## Exercise instructions
In the copy, every record below must appear exactly as given, and no picture may appear.

## Supplied entries
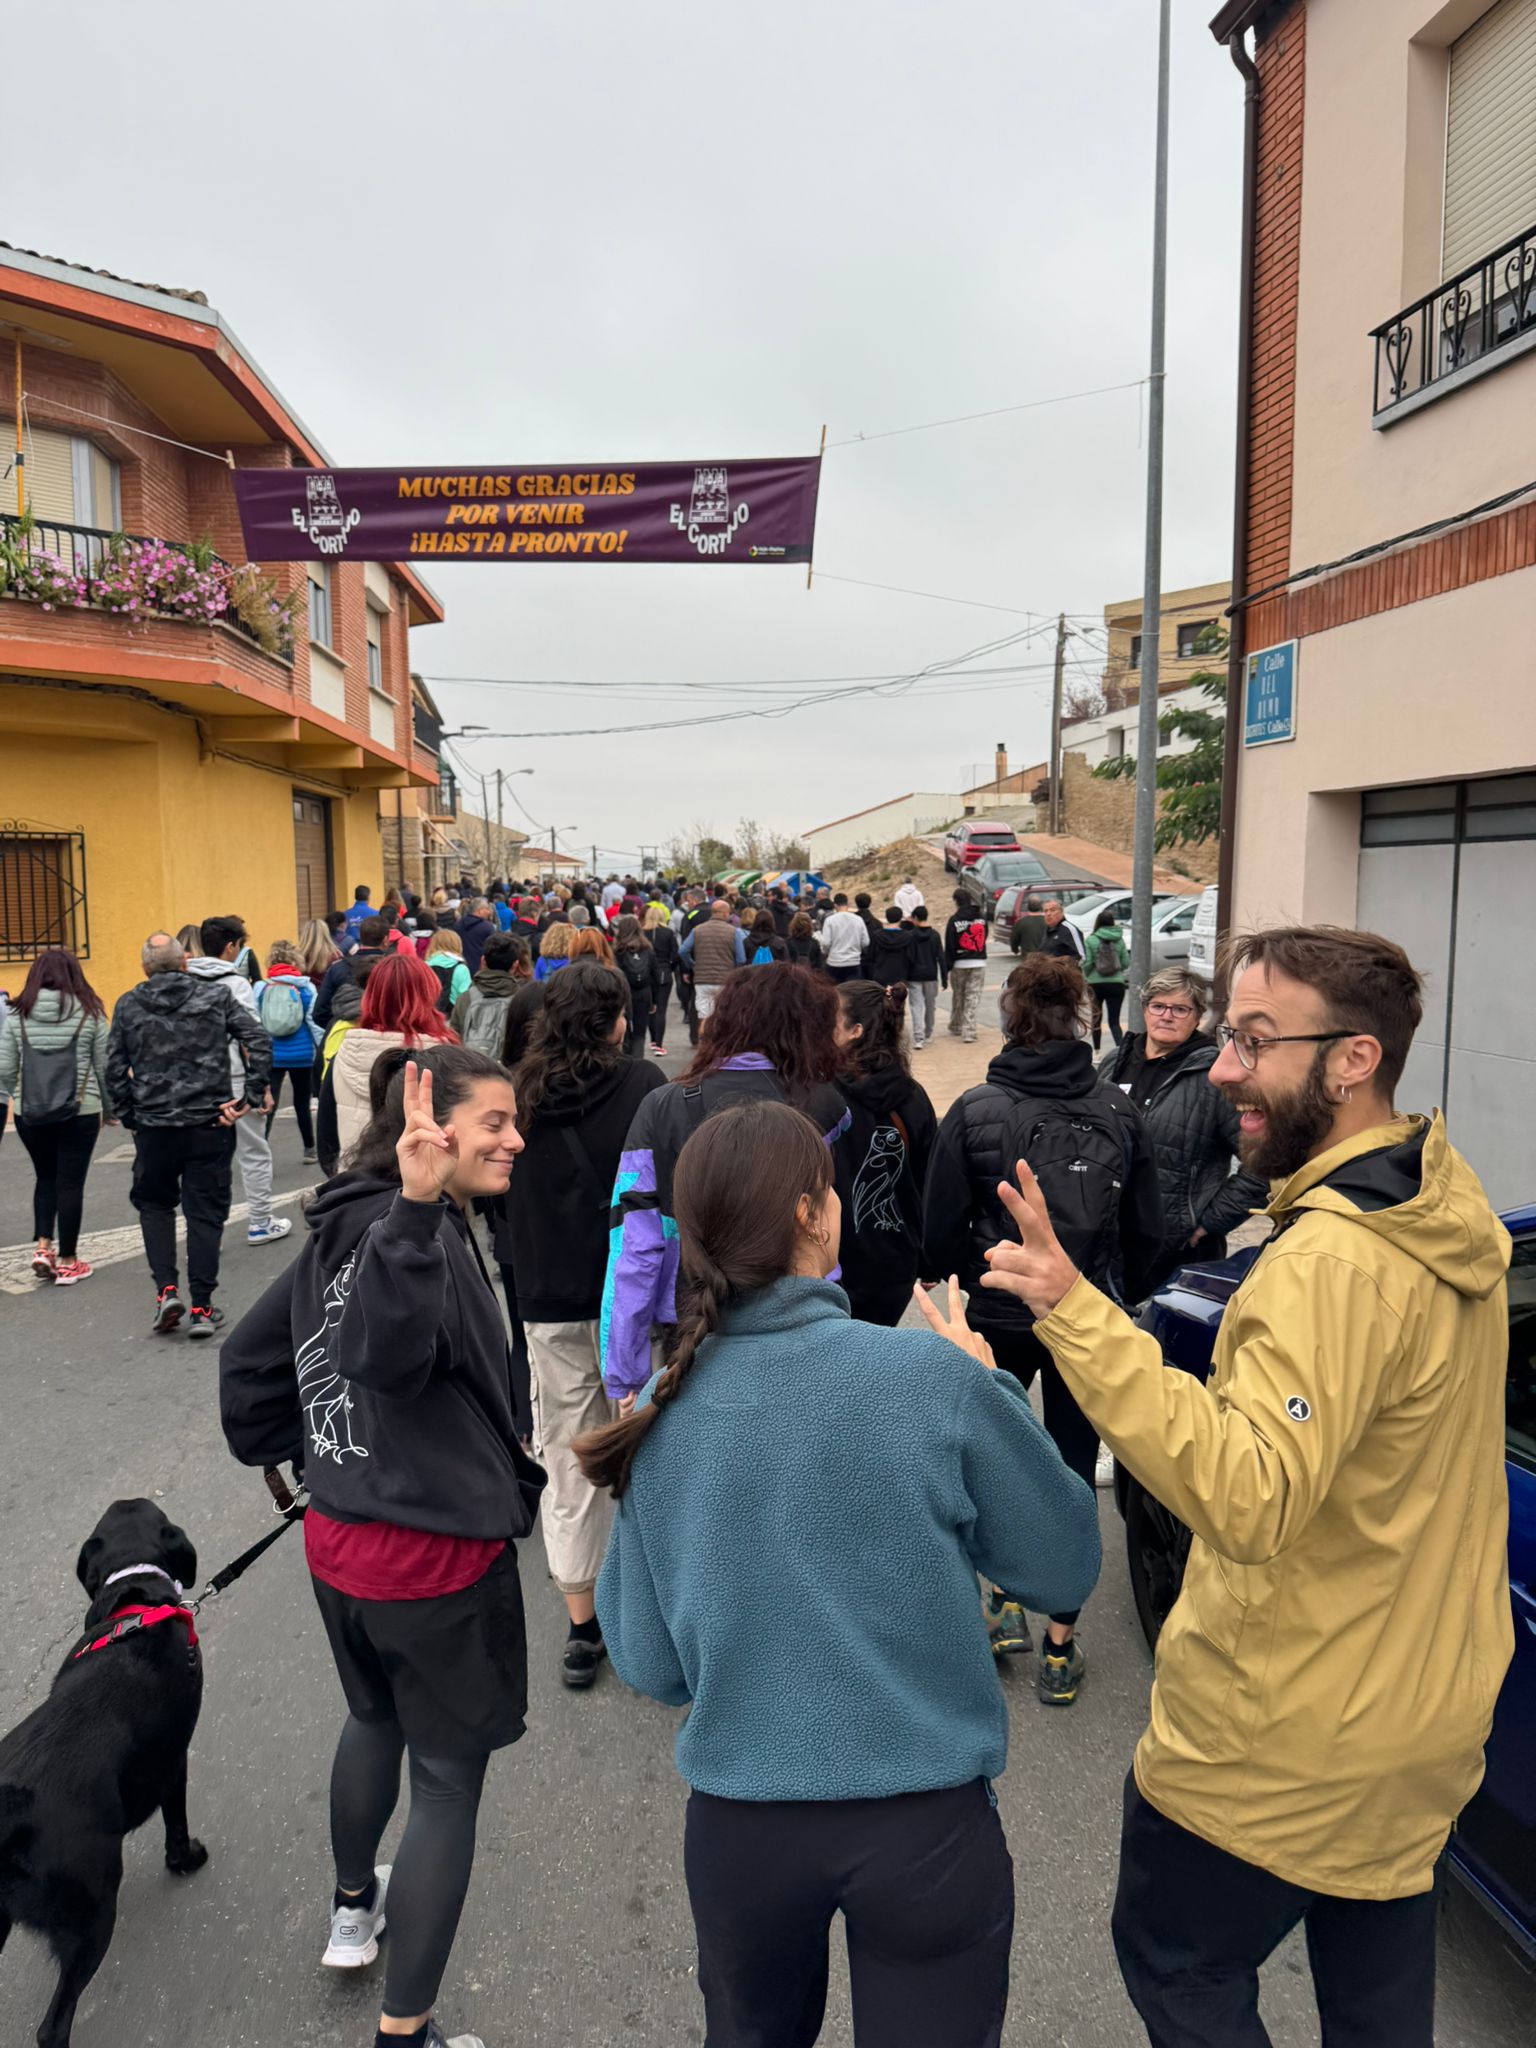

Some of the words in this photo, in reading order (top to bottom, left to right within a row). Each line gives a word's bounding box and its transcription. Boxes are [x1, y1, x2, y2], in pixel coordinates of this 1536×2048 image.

[398, 475, 512, 498] MUCHAS
[516, 473, 635, 497] GRACIAS
[445, 503, 500, 525] POR
[505, 502, 585, 525] VENIR
[291, 508, 309, 533] EL
[308, 508, 361, 554] CORTIJO
[669, 504, 687, 531] EL
[687, 502, 749, 555] CORTIJO
[409, 532, 506, 553] ¡HASTA
[508, 530, 629, 554] PRONTO!
[1264, 653, 1285, 672] Calle

## Finished task
Some of the words in this photo, in reading order (top to bottom, left to right within a row). Each line gives a word's bounding box and its transcription. Boxes are [x1, y1, x2, y2], in pixel coordinates of this 1536×2048 image.

[398, 475, 512, 498] MUCHAS
[516, 473, 635, 497] GRACIAS
[445, 503, 500, 525] POR
[505, 502, 585, 525] VENIR
[291, 508, 309, 533] EL
[308, 508, 361, 554] CORTIJO
[669, 504, 687, 531] EL
[687, 502, 749, 555] CORTIJO
[409, 532, 506, 553] ¡HASTA
[508, 530, 629, 554] PRONTO!
[1264, 653, 1285, 672] Calle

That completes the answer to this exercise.